Jan. 22 (UPI) -- Leighton Mark, a former United Press International photographer who learned to take photographs one-handed after he was shot on assignment in Beirut in 1984, died in Topeka, Kan., his family confirmed Tuesday. He was 67.
He died Saturday at the Lexington Park Assisted Living Health Center. Mark had been in declining health for the past year and a half, his cousin, Monette Mark, said.
Mark, a native of Topeka, joined UPI in 1981 and worked for the news agency through the late 1990s, when he began working for the Associated Press. Before his time at the wire agencies, he shot photos for the Independence Examiner in Missouri and the Washburn University student newspaper. He graduated from the school in 1976.
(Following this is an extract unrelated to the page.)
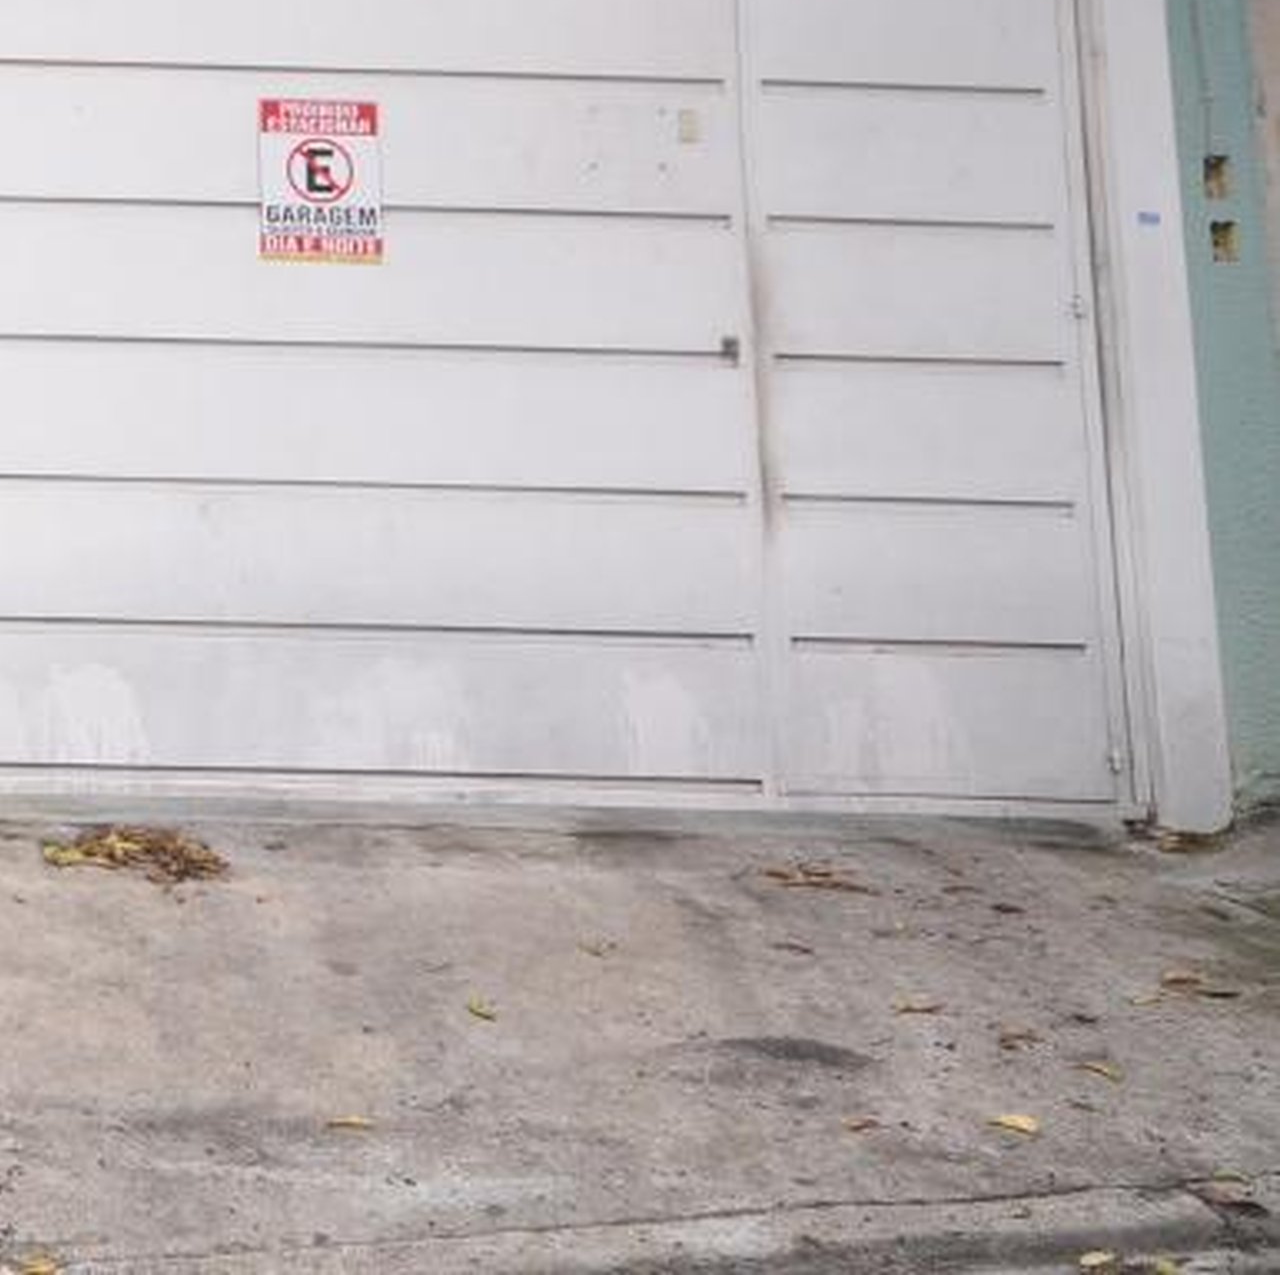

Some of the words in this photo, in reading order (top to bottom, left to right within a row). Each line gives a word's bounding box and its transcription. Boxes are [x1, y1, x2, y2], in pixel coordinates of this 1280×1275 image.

[266, 117, 372, 134] ESTACIONAR
[266, 206, 378, 227] GARAGEM
[265, 235, 299, 253] DIA
[322, 238, 375, 256] NOITE
During his time with UPI, he covered the Iran-Contra Affair, the Lebanese civil war, South Africa, Brussels, and the Reagan, Bush and Clinton administrations in Washington, D.C. Much of that he did with the use of only one arm.
While living in Beirut in the 1980s, he got caught up in some crossfire outside his apartment, taking a gunshot to the chest. Mark had been outside taking photographs of the fighting when he was shot. A witness told UPI the gunmen may have mistaken his camera for a gun.
He underwent 9 hours of surgery to remove shrapnel and the bullet, but the injuries left his right arm paralyzed.
"I almost came back in a body bag," Mark recalled three years later in a 1987 UPI article about the shooting. "I remember seeing the AK go up, ducking -- too slowly -- screaming my head off in terror and bouncing off the wall."
By 1987, Mark was back stateside, covering the White House without the use of his right arm due to the shooting.
With help from Jorge Mora, a former camera repairman for National Geographic, Mark designed a camera he could use with one arm. He used special telephoto lenses with added shutter releases connected to the motor.
Mark said he held his camera in the palm of his left hand and released the shutter with his little finger. He said former Sen. Daniel Inouye, D-Hawaii, who lost an arm in World War II, offered to teach the photographer how to shoot pool one-armed.
Monette Mark told UPI her cousin figured out how to continue his photography career and taught himself to write again with his left hand.
"Back then they didn't do a lot of physical or occupational therapy," she said, adding that she's always thought of him as an "amazing guy."
Gary Kemper, the former UPI newspictures manager in London, agreed.
"Leighton was an inspiration to many photographers," he said after learning of Mark's death. "After surviving a terrible bullet wound during coverage of the Beirut conflict in 1984 for UPI, he never lost his determination to work as a photojournalist."
Former UPI picture editor and newspictures general manger Allan Papkin, who worked with Mark in Washington, D.C., said Mark rarely spoke about his injury or any difficulties he faced doing his job thereafter.
Mark was "just always positive about everything."
"Leighton's always positive outlook overshadowed everything that could be interpreted as negative," Papkin said, adding that he never turned down an assignment.
Mark is survived by his aunt, Dorothy Mark, and cousin, Monette Mark.